Carys D. Coburn

In early 2022 I went to a work-in-progress of WANDER WANDER WILD WILD 遊遊野野 by Choy-Ping Clarke-Ng 吳彩萍 . Stage right, a spill of red cloth from the ceiling that becomes a runway leading into the audience. On it, Choy-Ping sits at a desk. They’re wearing red to match their backdrop, something sleeveless that shows their tattoos. Stage left a screen. On it appear settings, characters, subtitles as we hear the characters’ pre-recorded voices in a variety of languages.

WWWW/ 遊遊野野 takes a real-world point of departure and runs with it – the suggestion by Ivan Ko, property billionaire, that a city for 500,000 Hong Kongers be built in County Louth in Ireland. Choy-Ping imagines an unspecified future time where this has happened, with the qualification that Ivan revised his city’s population down by an order of magnitude to a modest 50,000.

The action follows the inhabitants of an apartment building in this city as they get to know one another, reflect on their lives, dance to “Funky Town” sung in Cantonese by Pancy Lau. A ghostly figure wearing a dress containing goldfish passes through. This is a work-in-progress, so she’s a drawing projected on a screen. But there’s a paradox here, a little like that which attends recorded sound. Amplification means you can speak very quietly into a mic and still be heard in playback – the recorded voice can be both louder and more intimate than the projected stage voice. Similarly, a drawing of a ghost is both less real and more incontrovertible. There are no infelicities of costume or performance to upstage the figure’s otherworldliness.

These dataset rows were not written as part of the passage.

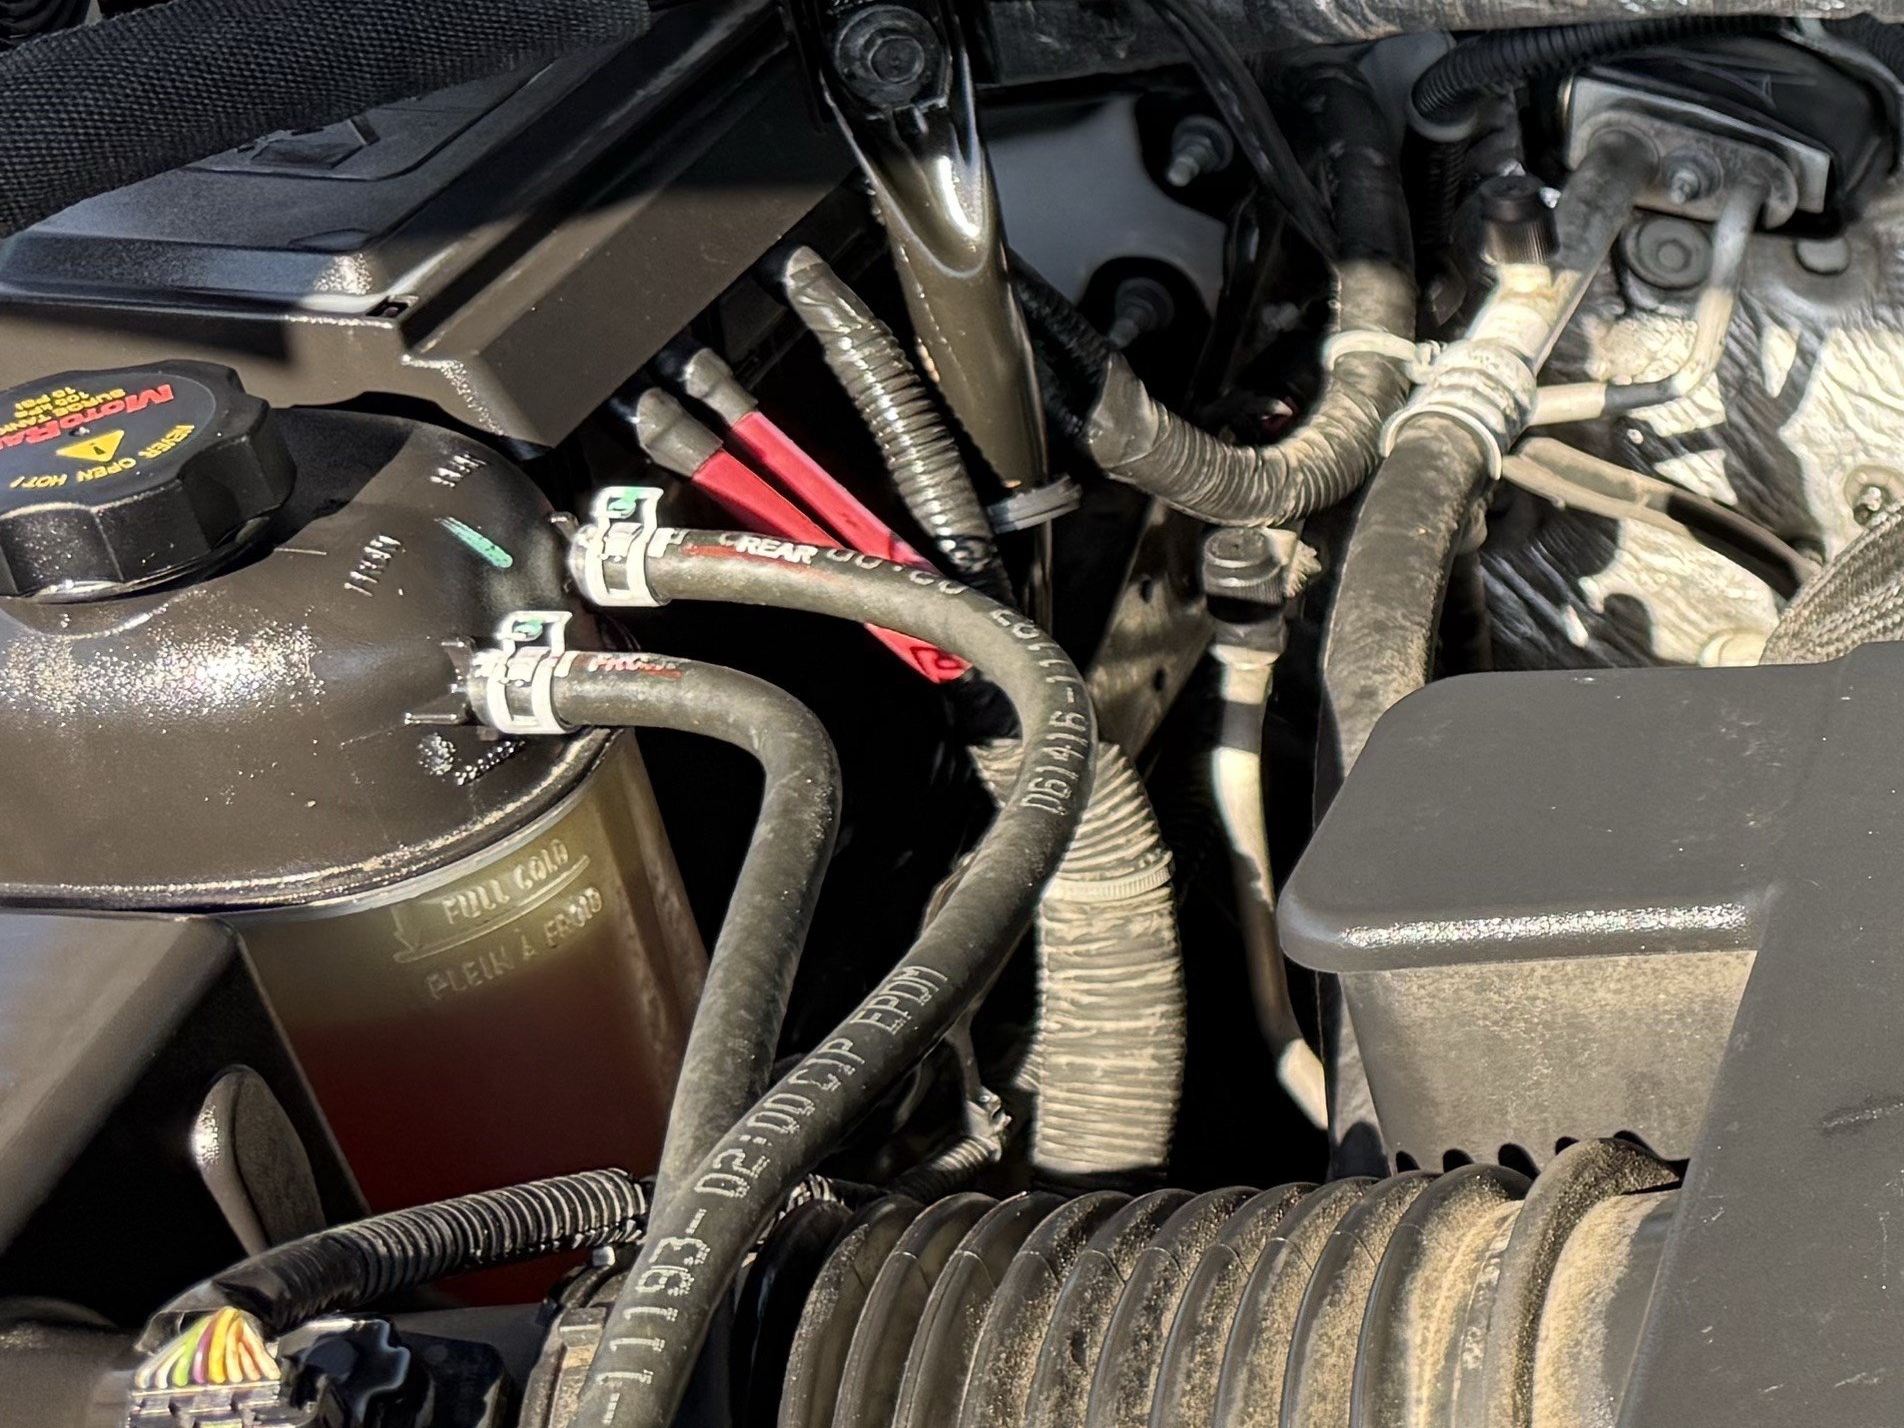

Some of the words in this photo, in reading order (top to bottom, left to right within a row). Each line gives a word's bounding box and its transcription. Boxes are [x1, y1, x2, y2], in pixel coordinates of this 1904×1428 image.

[0, 384, 175, 450] MOTORA
[52, 388, 126, 417] SURGE
[76, 456, 136, 483] OPEN
[734, 535, 818, 565] REAR
[441, 879, 511, 925] FULL
[425, 945, 515, 1001] PLEIN
[544, 886, 603, 949] FROID
[851, 966, 949, 1034] EPDM

The credits on Choy-Ping’s website list three translators for the voices we hear: Jennifer Lau for Cantonese, Wendy Wong for Mandarin, and Maggie Tan for Hakka. Where comprehension was essential, they were subtitled. I don’t remember if the languages were distinguished in subtitles, but I don’t think they were. If you didn’t know enough to tell them apart, tough. I don’t speak any of them, but I know enough about Cantonese and Mandarin tones to listen for shibboleths while reading in English. And something about that was really absorbing.

You could compare it to the experience of listening to Anno – Anna Meredith’s re-composition of Vivaldi’s Four Seasons – or a Bach fugue re-orchestrated by Schoenberg. There is a baseline level of familiar meaning you can take for granted, but it’s been re-constellated into an unfamiliar shape. The cliché about subtitles is that they’re distancing, but can’t estrangement lead to deeper appraisal as easily as it can to disengagement? You become attentive to the grain of language rather than its content. Or I did anyway.

It’s important to specify where comprehension was essential. Choy-Ping’s work often plays with opacity. Just when you are relaxing into the rhythm of hearing and reading, listening to the rises and falls of a language you don’t speak and navigating them with a guide-rail of subtitles, the subtitles disappear. You’re left with naked language, that you may or may not understand depending on your linguistic competencies. It’s confronting but not unconsidered. I think their dual practice as a writer/designer is bound up with this kind of boldness. Because words are not their exclusive métier, they are less romantic about them, less inclined to get defensive about their supposed power to shape the world like nothing else. Legibility is guaranteed where necessary, but it’s not a virtue to the exclusion of all others. Choy-Ping is very skilled in showing us language as object rather than tool, one stage-phenomenon evolving over time amongst many.

Unfinished as it is, I love this show already. More than that: I think it is an unforgivable failure of courage and imagination that no Irish theatre or company has produced it yet. And I can unpack it for you: formally, thematically, politically, there is very little work being made in Ireland that dares as much as Choy-Ping’s.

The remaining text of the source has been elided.